Robert Venables


In 1654, Robert Venables was asked by Cromwell to command a military expedition to the Spanish West Indies. It was a big promotion to put him in charge of what was intended to be the first stage of a fundamental assault on the Spanish islands and mainland colonies in and around the Caribbean. The Council of War decided to share authority over the campaign between a general (Venables) and an admiral (William Penn) who had to make decisions with the advice and consent of three civilians with extensive knowledge of the Caribbean. This group, with other veteran merchants from the area, planned the expedition. They put together an army of with a core of trained soldiers but mostly 'volunteers'. They ordered the wrong food and forgot to take anything for storing water--this on a tropical campaign. They had thirty-eight sound vessels to convey them and to take on any Spanish naval vessels they encountered. The commanders were given a free choice of target and considered Hispaniola (Dominica), St John's Island (Puerto Rico), or the area to the south of the Orinoco. Once they reached the Bahamas and took on extra supplies and 2000 extra troops, they decided on Hispaniola. It was intrinsically a good choice for it was fertile and well placed to launch further expeditions.

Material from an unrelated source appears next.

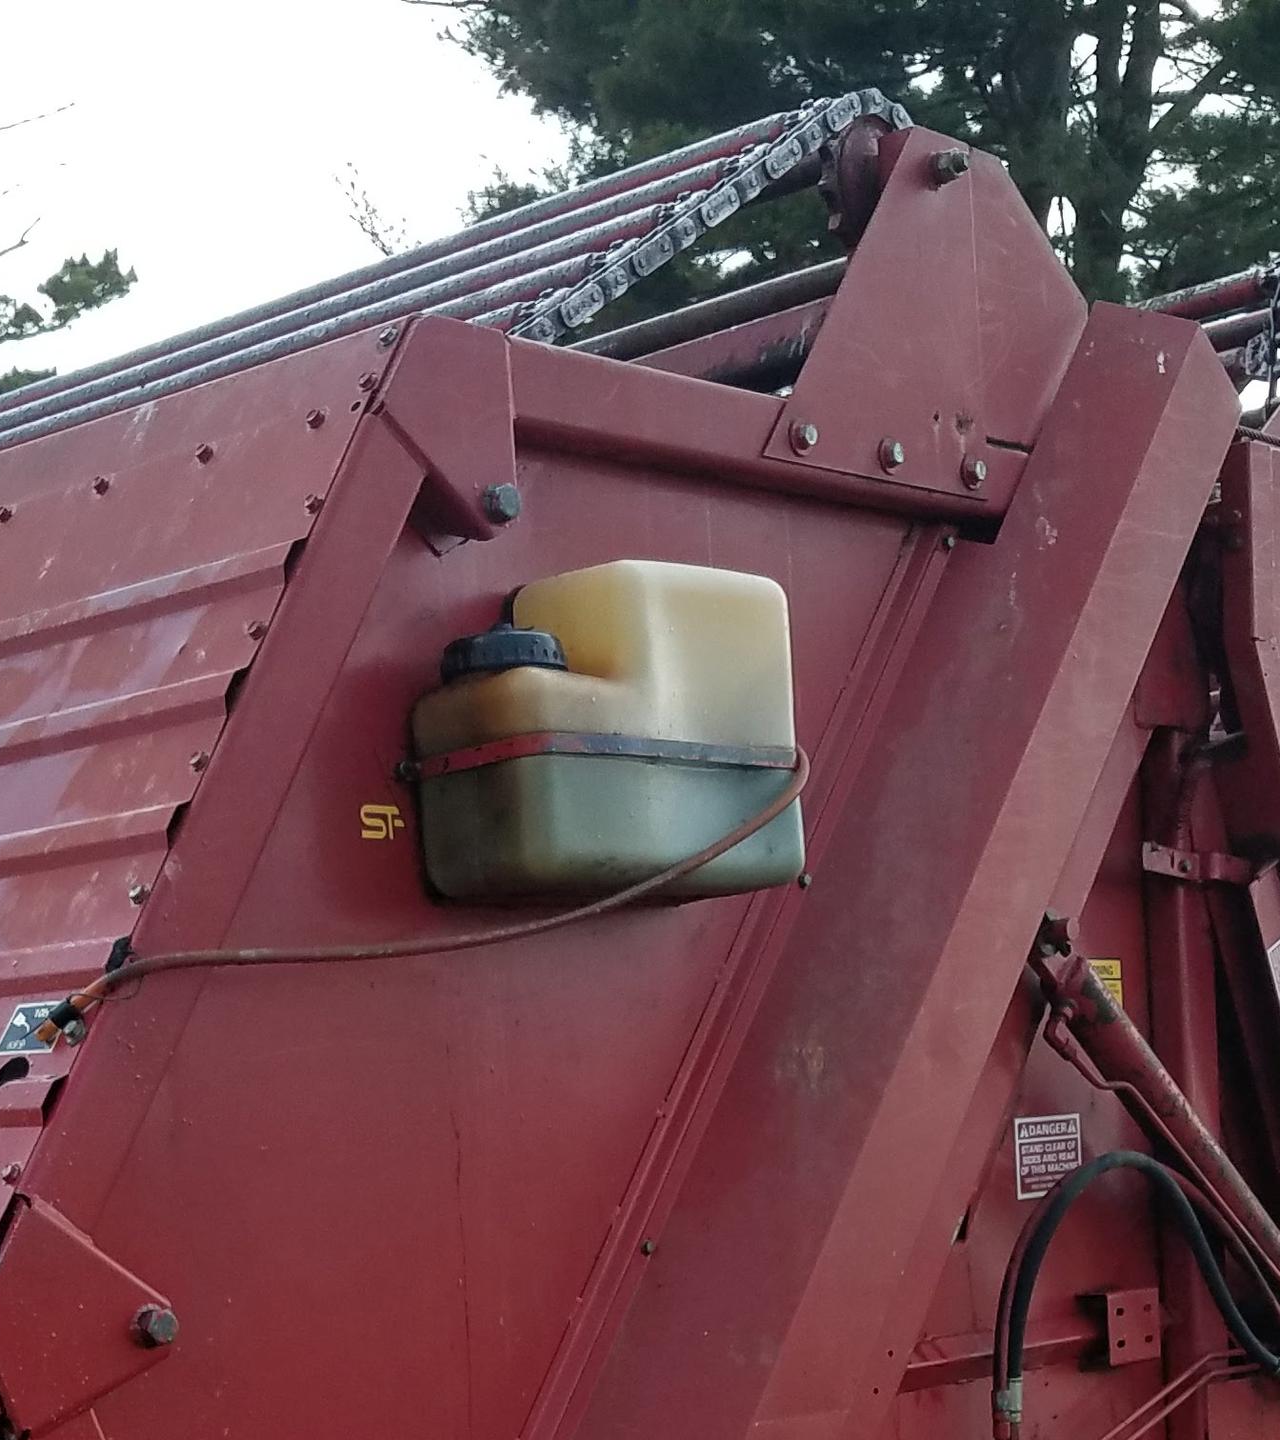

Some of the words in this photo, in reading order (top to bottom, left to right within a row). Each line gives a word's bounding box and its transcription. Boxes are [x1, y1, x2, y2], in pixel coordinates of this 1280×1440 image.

They sailed in the last fortnight of December in two squadrons, and arrived four weeks later in Barbados. They refreshed themselves, planned their expedition for two months and then sailed for Hispaniola, arriving on 13 April. By this time Venables and Penn were barely on speaking terms, and full of so much mutual mistrust that Venables seems genuinely to have suspected that Penn would offload him and his men and depart, leaving them marooned. There were bitter disputes about the division of supplies and inadequate contingency plans for Penn to come to Venables's assistance if he got into trouble.

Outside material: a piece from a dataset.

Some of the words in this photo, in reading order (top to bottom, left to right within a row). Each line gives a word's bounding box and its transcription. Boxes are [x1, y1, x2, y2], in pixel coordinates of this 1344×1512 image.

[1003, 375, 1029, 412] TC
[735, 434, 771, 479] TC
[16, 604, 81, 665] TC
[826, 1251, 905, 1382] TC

The weather was foul: torrential tropical rain that ruined the gunpowder, caused the biscuits to rot, and made the rivers unfordable. Over-confident planning and under-confident soldiers proved a fatal combination. Having telegraphed their intentions to the Spaniards, they lost the element of surprise. After landing with 8000 men 40 miles from San Domingo they marched disconsolately through inhospitable wooded terrain and were twice ambushed by the Spanish (18 and 25 April). Venables lost about a third of his men and, bitterly complaining of their cowardice, got Penn to take him and the remainder off, though not without some delay. Very much as a means of saving face and seeking a compensatory triumph, Venables ordered Penn to take him to Jamaica, a less developed and economically (as it seemed) less promising island. Here he quickly gained a pyrrhic victory. He landed on 10 May and took the surrender of the capital on 17 May, but not before much of the garrison and many of the inhabitants had taken to the hills. Venables was faced with the prospect of a guerrilla campaign as stubborn as that fought back in Ireland. He began the thankless task of rooting them out, but fell ill with a tropical fever.

Penn, fearing the consequences of this failure, abandoned Venables, and sailed for home with half the fleet on 25 June, determined to get his side of the story in first. On discovering this, Venables set off in hot pursuit in a vessel called the Marston Moor, but he failed to overtake Penn. He arrived in Portsmouth on 9 September 1655 'almost a skeleton, and so weak he could neither stand nor ride'. This did not spare him (or Penn) a spell in the Tower of London as a wrathful council and a distraught Cromwell (brooding on why God had deserted him in this great cause in which he had invested much hope) pondered whom to hold responsible. On 30 October Venables was released from prison but relieved of all his military commands. He retreated to Cheshire, far from the complaints of Cromwell if not those of Mrs Venables. He was effectively in disgrace for the rest of the protectorate.

Venables's was a life of frustration. He served loyally in the civil war in England, and tenaciously in Ireland from 1649 to 1654. But he never received the recognition he deserved and he had to spend the years of peace seeking compensation for what he was owed. He was over-promoted and under-supported in a high-profile fiasco in the Caribbean that cost him his reputation. He died at Wincham in his seventy-fifth year, and was buried in July 1687.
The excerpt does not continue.